Did the Media Hype Fukushima Health Impacts?

Was Japan really on the verge of evacuating Tokyo in the wake of last year's tsunami, as the New York Times reported earlier this week?

Will the partial meltdown of the Fukushima reactor spike cancer rates?

Time magazine environment writer Bryan Walsh takes aim at the media hype, reporting:

As it happens, scientists have begun to compile early assessments of the health impacts of Fukushima--and the conclusions are less than catastrophic. Researchers speaking at a conference for the Health Physics Society said that the health threat to Japanese from radiation exposure looks to be extremely low.

Even the brave workers who stayed behind at the plant had radiation exposure that was more than 10 times lower than that levels received by the half-million people who helped entomb the Chernobyl reaction more than two decades ago.

They estimated that the risk of getting cancer for those exposed would increase 0.002%, and the risk of dying from cancer would rise by 0.001%. "I received more radiation on my transcontinental flights from Tokyo to Washington than I did at the reactor site," said John Boice, a professor at Vanderbilt University and the incoming president of the National Council on Radiation Protection and Measurements.


As we approach the March 11 anniversary of the tsunami that killed over 20,000 people, we will no doubt hear much more about the partial meltdown at Fukushima, which to date has still killed nobody. (Five workers, according to Asian Correspondent, did die at the plant -- but not from the meltdowns: "One man who became trapped in the console of a crane during the earthquake, two who were swept away by the tsunami and a clean up worker who suffered from a heart attack. Another man reportedly died suddenly in October. Although the company is not revealing the cause of death, they say it was not related to radiation.")

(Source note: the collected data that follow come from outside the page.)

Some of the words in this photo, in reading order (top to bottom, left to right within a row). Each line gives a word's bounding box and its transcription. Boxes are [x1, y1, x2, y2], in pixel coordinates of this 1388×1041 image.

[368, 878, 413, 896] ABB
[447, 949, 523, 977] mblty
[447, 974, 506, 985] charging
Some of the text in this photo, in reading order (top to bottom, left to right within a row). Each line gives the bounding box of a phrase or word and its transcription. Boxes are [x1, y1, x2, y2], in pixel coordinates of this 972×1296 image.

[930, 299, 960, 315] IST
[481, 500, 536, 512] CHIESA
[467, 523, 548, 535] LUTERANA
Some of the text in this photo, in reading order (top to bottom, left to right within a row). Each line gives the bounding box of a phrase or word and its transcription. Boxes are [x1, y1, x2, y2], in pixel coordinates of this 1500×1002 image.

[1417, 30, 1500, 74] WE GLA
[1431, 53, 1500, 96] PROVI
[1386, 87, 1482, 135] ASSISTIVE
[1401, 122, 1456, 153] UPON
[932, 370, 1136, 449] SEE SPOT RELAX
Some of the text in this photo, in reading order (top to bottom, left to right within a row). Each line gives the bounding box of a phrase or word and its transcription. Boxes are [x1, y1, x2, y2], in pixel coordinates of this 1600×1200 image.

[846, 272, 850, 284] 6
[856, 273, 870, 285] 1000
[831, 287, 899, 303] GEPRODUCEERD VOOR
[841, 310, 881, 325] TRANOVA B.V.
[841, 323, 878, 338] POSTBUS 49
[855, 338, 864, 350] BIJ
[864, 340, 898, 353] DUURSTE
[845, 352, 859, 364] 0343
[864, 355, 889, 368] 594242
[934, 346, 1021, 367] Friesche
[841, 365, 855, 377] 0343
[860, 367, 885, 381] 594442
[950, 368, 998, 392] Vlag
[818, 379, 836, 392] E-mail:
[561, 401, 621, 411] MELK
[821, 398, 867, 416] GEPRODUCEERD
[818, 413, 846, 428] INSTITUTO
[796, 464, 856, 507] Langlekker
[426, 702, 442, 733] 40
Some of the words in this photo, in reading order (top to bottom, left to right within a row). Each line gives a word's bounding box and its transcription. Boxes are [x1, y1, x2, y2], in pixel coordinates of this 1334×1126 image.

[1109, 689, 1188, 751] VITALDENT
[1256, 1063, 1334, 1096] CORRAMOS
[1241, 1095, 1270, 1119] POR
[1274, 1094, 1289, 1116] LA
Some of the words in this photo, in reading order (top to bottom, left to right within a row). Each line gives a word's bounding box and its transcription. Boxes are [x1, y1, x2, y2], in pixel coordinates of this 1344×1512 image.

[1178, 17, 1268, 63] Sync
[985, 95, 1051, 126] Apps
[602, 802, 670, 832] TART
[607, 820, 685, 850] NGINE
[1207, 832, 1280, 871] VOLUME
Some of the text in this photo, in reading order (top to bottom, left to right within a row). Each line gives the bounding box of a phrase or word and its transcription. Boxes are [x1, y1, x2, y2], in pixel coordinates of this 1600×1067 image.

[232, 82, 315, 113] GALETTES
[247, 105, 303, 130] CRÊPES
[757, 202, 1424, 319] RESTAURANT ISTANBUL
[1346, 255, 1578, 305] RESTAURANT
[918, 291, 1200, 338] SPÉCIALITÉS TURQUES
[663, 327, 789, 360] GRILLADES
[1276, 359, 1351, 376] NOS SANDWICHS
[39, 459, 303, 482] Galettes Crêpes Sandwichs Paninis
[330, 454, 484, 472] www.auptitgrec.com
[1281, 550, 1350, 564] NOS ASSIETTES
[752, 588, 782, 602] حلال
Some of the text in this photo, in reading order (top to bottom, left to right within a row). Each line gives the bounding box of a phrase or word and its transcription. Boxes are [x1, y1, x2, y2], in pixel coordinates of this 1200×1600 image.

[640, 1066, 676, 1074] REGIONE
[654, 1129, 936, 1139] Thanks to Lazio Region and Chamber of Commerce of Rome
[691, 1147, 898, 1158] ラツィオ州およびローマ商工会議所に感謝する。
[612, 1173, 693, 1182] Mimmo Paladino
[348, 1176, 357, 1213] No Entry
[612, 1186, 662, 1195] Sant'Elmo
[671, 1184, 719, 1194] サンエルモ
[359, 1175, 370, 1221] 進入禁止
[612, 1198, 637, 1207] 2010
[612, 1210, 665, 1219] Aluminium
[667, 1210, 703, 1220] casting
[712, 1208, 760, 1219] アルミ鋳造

With hope, journalists covering the anniversary of the tsunami and Fukushima will be more skeptical, and provide greater context, than they did in this recent wave of stories about Rebuild Japan's report.

"As Evan Osnos writes for the New Yorker, we are lucky that Fukushima didn't turn out to be worse than it was," Walsh writes. "But the more we learn about it, the more it seems that the odds were always in our favor."

Walsh goes on to quote at length from yesterday's piece in Slate by Michael Shellenberger and Ted Nordhaus.